Dataset entries
▼
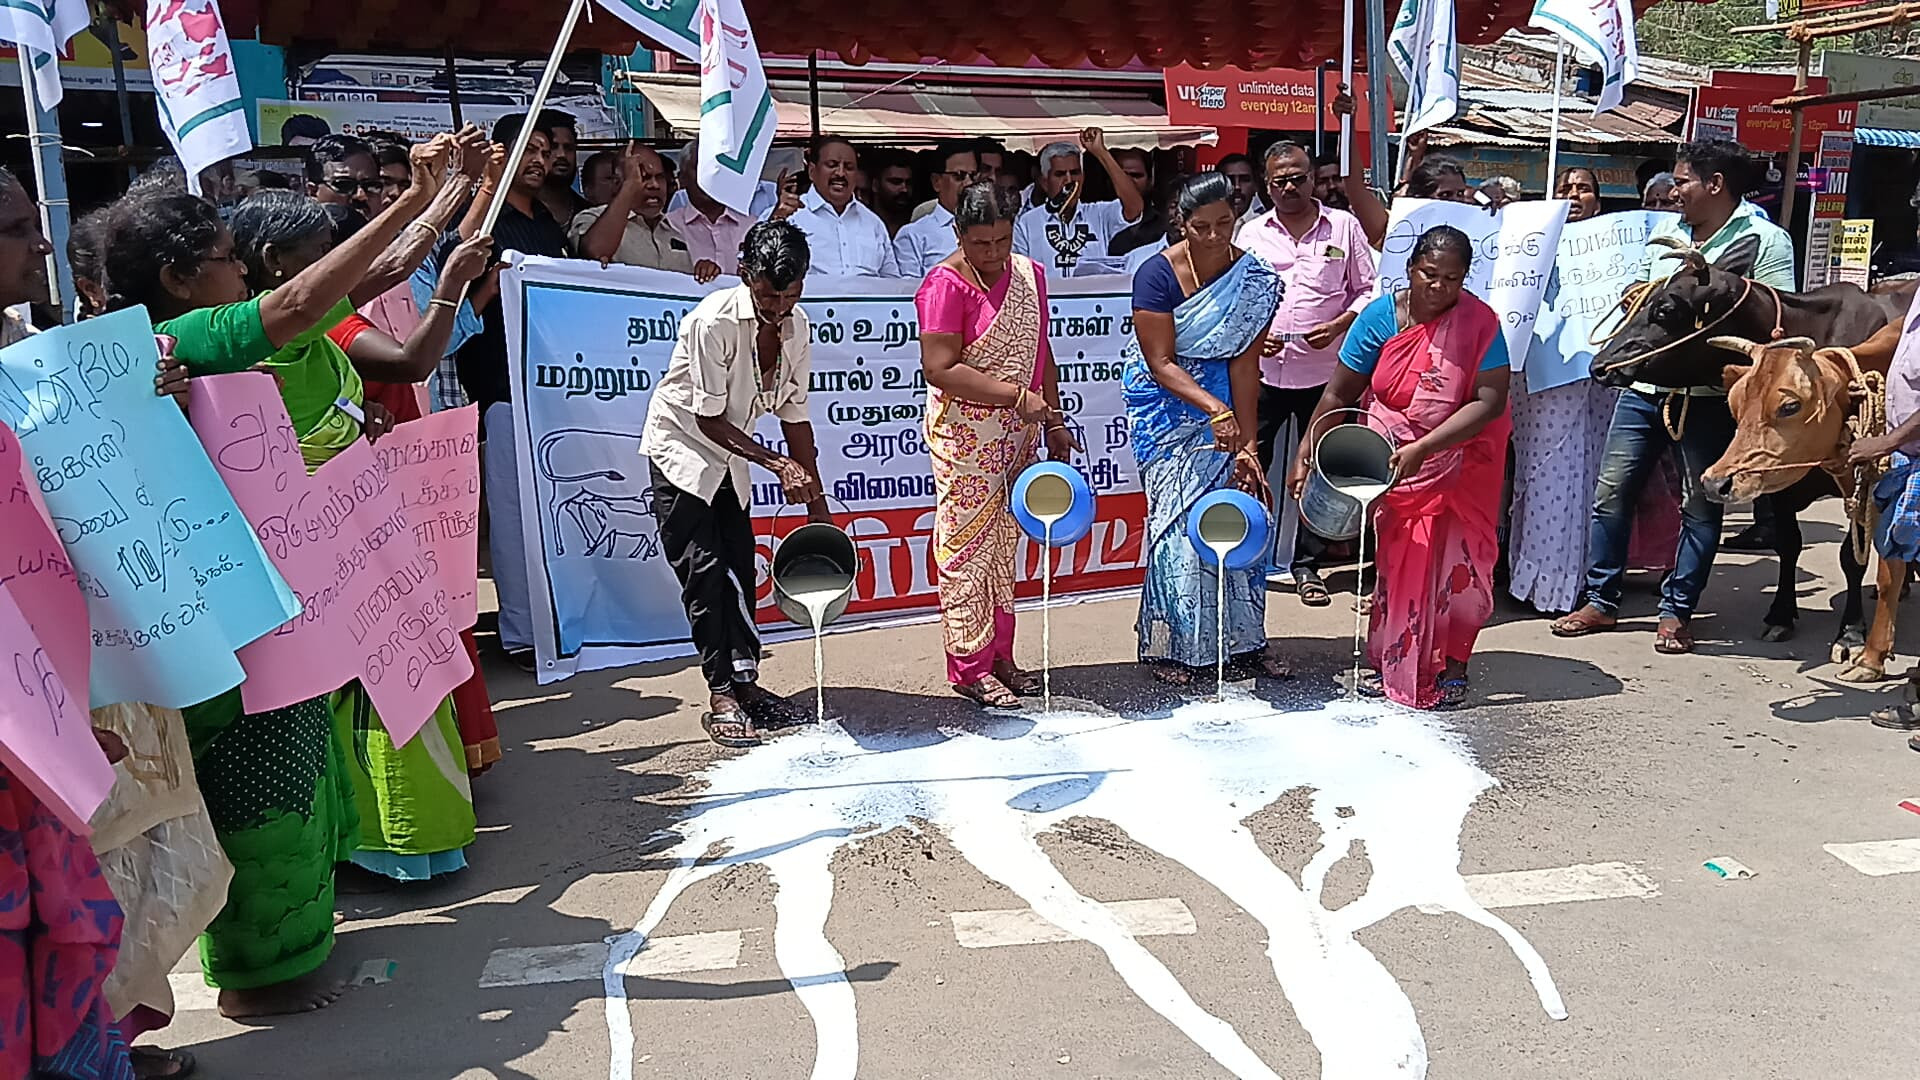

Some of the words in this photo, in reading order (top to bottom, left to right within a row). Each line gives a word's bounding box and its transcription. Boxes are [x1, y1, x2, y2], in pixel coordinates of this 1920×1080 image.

[1239, 81, 1288, 95] unlimited
[1291, 82, 1314, 97] data
[1200, 96, 1225, 108] Hero
[1241, 101, 1288, 115] everyday
[1746, 119, 1780, 129] everyday
[536, 353, 650, 400] மற்றும்
▲
Problem requirements =
The answer must be an exact copy of the entries, with the pictures omitted.

Written answer =
Some of the words in this photo, in reading order (top to bottom, left to right within a row). Each line gives a word's bounding box and its transcription. Boxes are [x1, y1, x2, y2], in pixel coordinates of this 1920×1080 image.

[1239, 81, 1288, 95] unlimited
[1291, 82, 1314, 97] data
[1200, 96, 1225, 108] Hero
[1241, 101, 1288, 115] everyday
[1746, 119, 1780, 129] everyday
[536, 353, 650, 400] மற்றும்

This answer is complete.